O vintage está de volta? Entenda como a Geração Z está redescobrindo o passado

O que antes era considerado brega entre os jovens, agora se transforma em estilo, moda e identidade nas redes sociais.

Colunas, Evellen Rodrigues

Nos últimos anos, o Tiktok se tornou o principal palco de vários movimentos da Geração Z, entre eles, a busca e apropriação do que parecia esquecido ou ultrapassado. Câmeras digitais que marcaram os anos 2000, como a famosa Cyber-shot , por exemplo, estão reaparecendo nas redes sociais, em cliques espontâneos, com suas fotos granulosas, luz estourada e pequenas imperfeições.

No Tiktok, a busca pelas hashtags “y2k” (anos 2000) e “Y2KAesthetic” (estética anos 2000) somam 11,3 bilhões de visualizações. Na plataforma, também é possível ver tutoriais e relatos de experiências, sobre como transferir fotos da câmera digital para o computador, e como migrar para o estilo e estética dessa época, tornando o passado uma experiência prática e compartilhável.

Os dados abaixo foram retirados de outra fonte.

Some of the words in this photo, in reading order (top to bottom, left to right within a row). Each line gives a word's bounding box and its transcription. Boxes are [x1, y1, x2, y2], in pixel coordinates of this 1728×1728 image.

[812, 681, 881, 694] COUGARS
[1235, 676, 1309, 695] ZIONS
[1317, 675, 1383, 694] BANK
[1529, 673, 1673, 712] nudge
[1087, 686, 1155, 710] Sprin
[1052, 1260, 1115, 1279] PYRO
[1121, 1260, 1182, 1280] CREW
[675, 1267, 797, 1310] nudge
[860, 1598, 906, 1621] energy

Júlia Santos, de 14 anos, explica mais sobre essa admiração pelos anos 2.000. “Não é bem uma nostalgia… Esse estilo despertou o nosso interesse, porque tudo parecia mais brilhante e divertido lá, sabe? Pelo menos essa é a impressão que a geração deixou, principalmente o estilo Y2k e músicas da época.”

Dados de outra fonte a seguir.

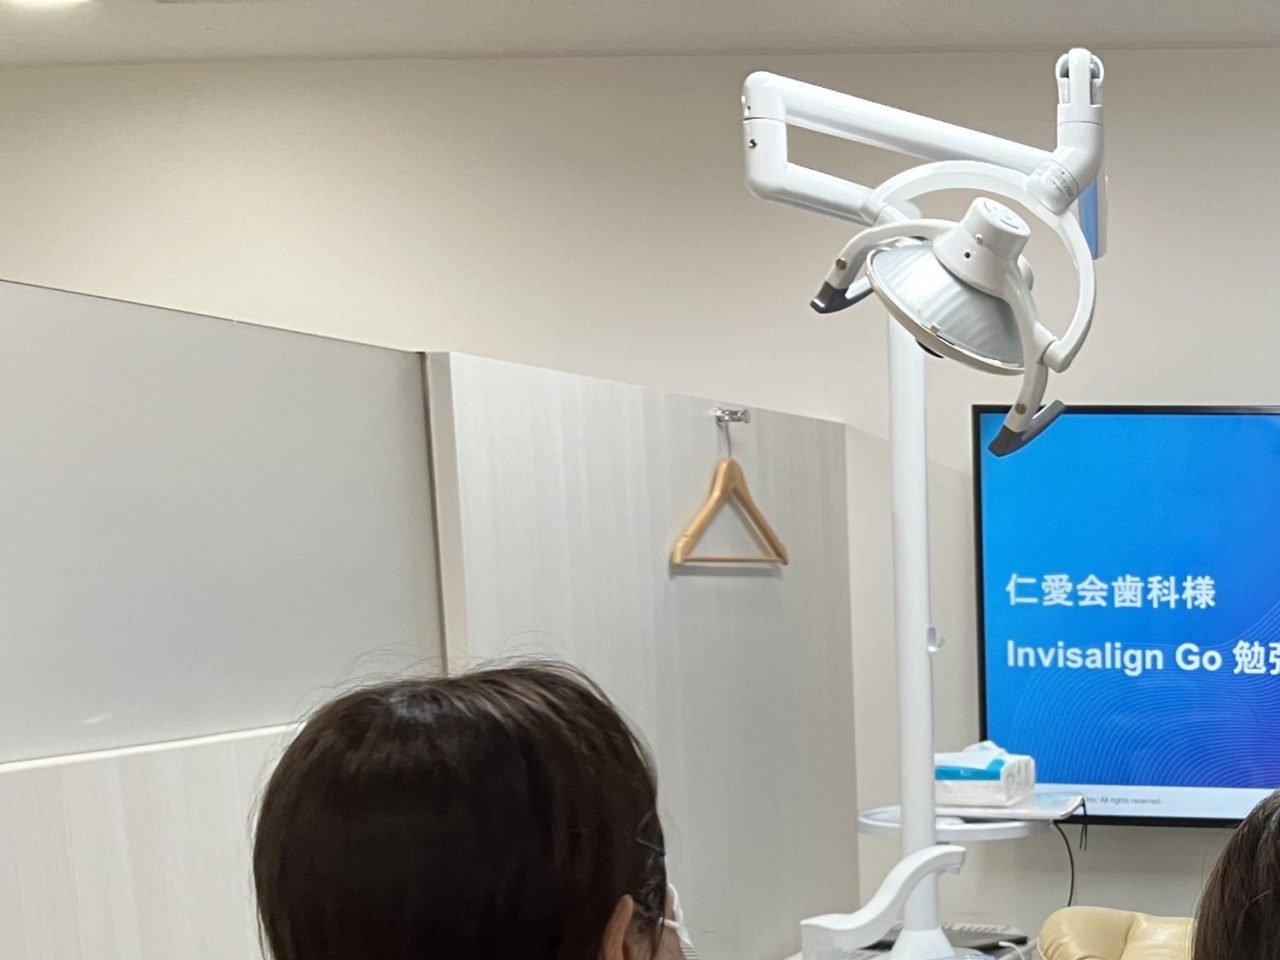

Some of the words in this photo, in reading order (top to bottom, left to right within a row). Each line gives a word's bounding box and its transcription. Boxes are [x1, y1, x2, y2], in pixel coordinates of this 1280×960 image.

A adolescente comenta ainda que todo conteúdo relacionado a isso tem gerado muitas visualizações na internet, “vídeo, roupa e músicas desse tempo, estão viralizando muito, e você acaba aprendendo mais sobre essa geração e se apaixonando. Principalmente pelas músicas, eu tenho até na minha playlist”, comenta a jovem.

Além do Tiktok, outras redes como Pinterest, BeReal e VSCO, também participam desse resgate, inspirando looks, poses e formas de editar fotos para parecerem mais autênticas e vintage. Enquanto isso, ainda é confuso para os millennials ver que as roupas coloridas, jeans de cintura baixa, tops curtos, tênis robustos e presilhas de cabelo voltaram às ruas e feeds das redes.

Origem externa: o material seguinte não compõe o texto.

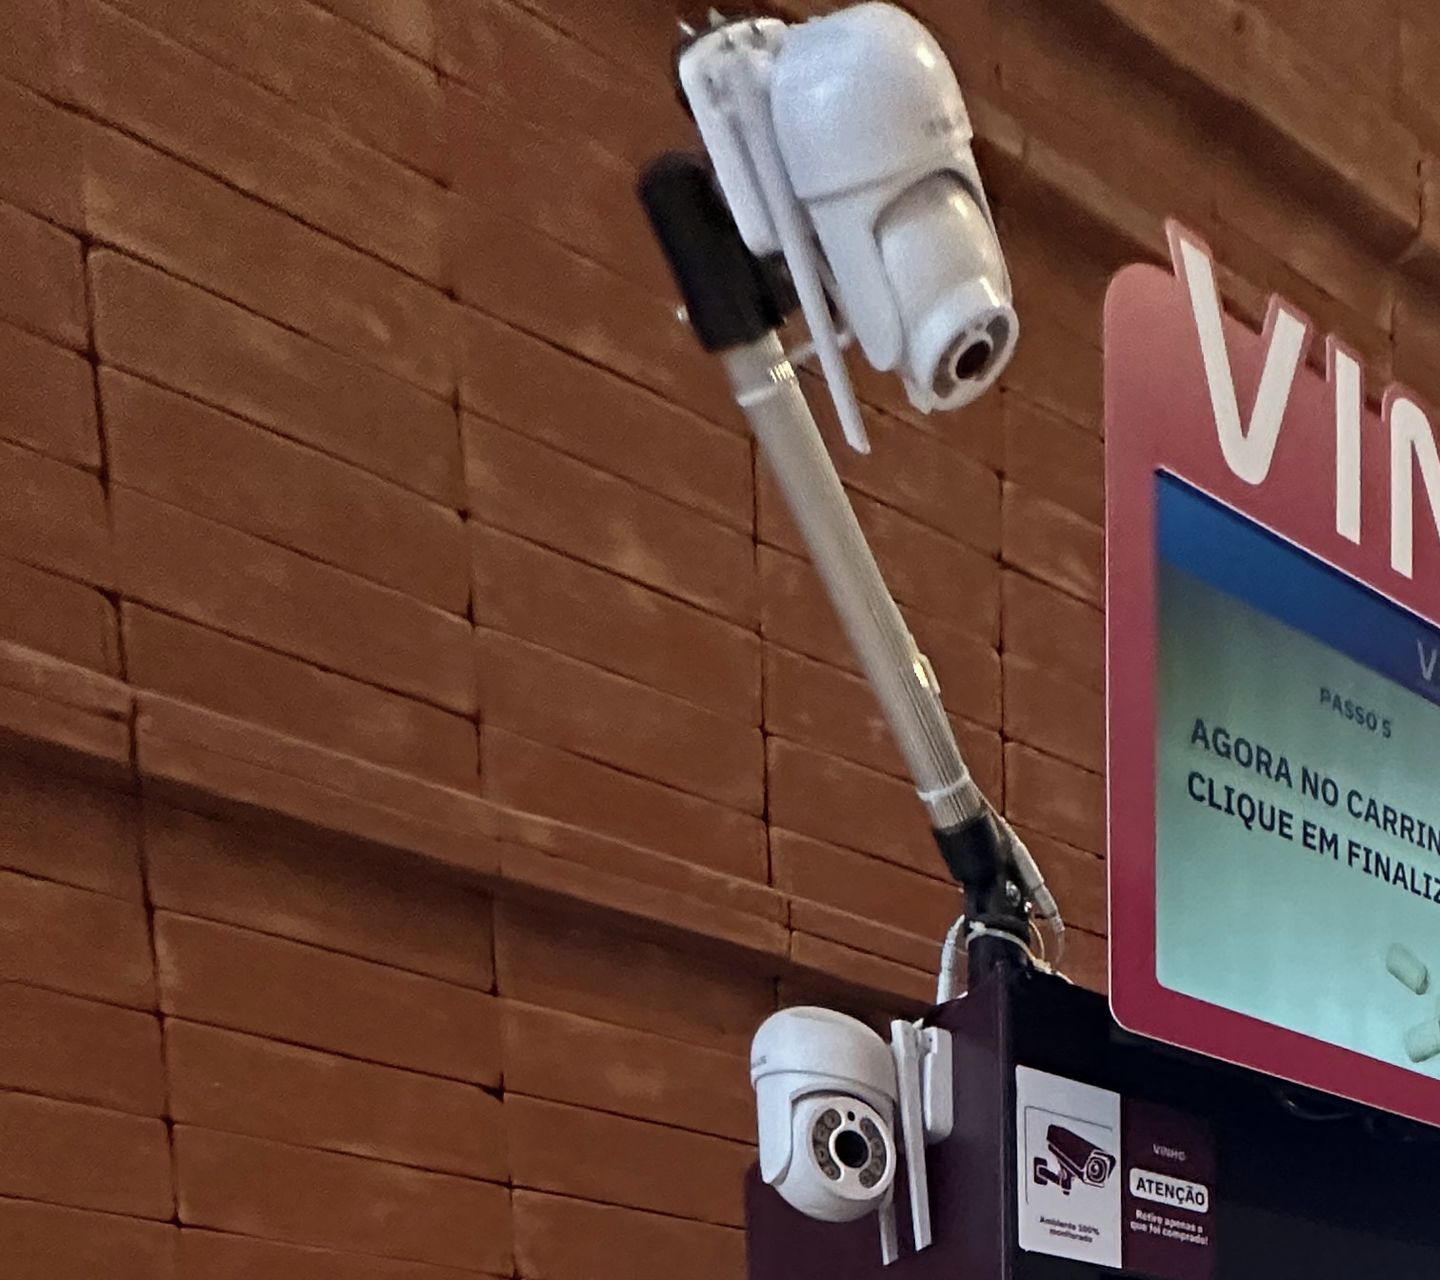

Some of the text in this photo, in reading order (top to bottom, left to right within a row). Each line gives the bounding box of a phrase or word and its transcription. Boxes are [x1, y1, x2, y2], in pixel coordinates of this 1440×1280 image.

[1320, 688, 1392, 738] PASSO 5
[1191, 716, 1292, 788] AGORA
[1301, 757, 1338, 807] NO
[1188, 772, 1293, 840] CLIQUE
[1302, 821, 1339, 861] EM
[1136, 1177, 1205, 1205] ATENÇÃO
[1130, 1221, 1147, 1231] que
[1135, 1209, 1163, 1225] Retire

Mas isso não é apenas sobre moda. Podemos perceber que esse movimento se aplica a vários aspectos da vida desses jovens e até nos “idols” que eles escolhem acompanhar. Nada é aleatório, cada clique, cada gosto musical vintage, cada escolha de roupa ou acessório, carrega intenção e transmite personalidade, como forma de se afirmar no mundo.

De acordo com a estudante de psicólogia, Sabrina Maria Lacerda, este movimento também está associado a questão social de se sentir aceito: “Nos meus estágios eu percebi isso. A gente observa que eles [os adolescentes] consideram essas coisas do passado, como algo muito mais legal, então deduzem que pra ser mais legal, mais descolados e aceitos em seus determinados grupos, devem reproduzir o que consideram admirável, no caso, os anos 2000”, explica a estudante.

Sabrina destaca ainda que esse movimento não deve ser algo preocupante, ela explica que essa paixão pelo passado, geralmente não causa desrealização: “eu vejo isso, que eles acabam gostando e aderindo a essas caracteristicas do passado, só que ao mesmo tempo, eles estão aqui no presente, e têm consciência disso”, conclui.

A constante tentativa de recriar aspectos do passado, não é algo novo. Vemos ao longo dos anos que a admiração pela geração passada sempre esteve e estará na geração presente, independente de qual seja ela, e isso serve para reflertirmos sobre os ciclos sociais infindáveis que nos cercam, e para compreendermos melhor o estilo de vida e de auto afirmação de nossos jovens.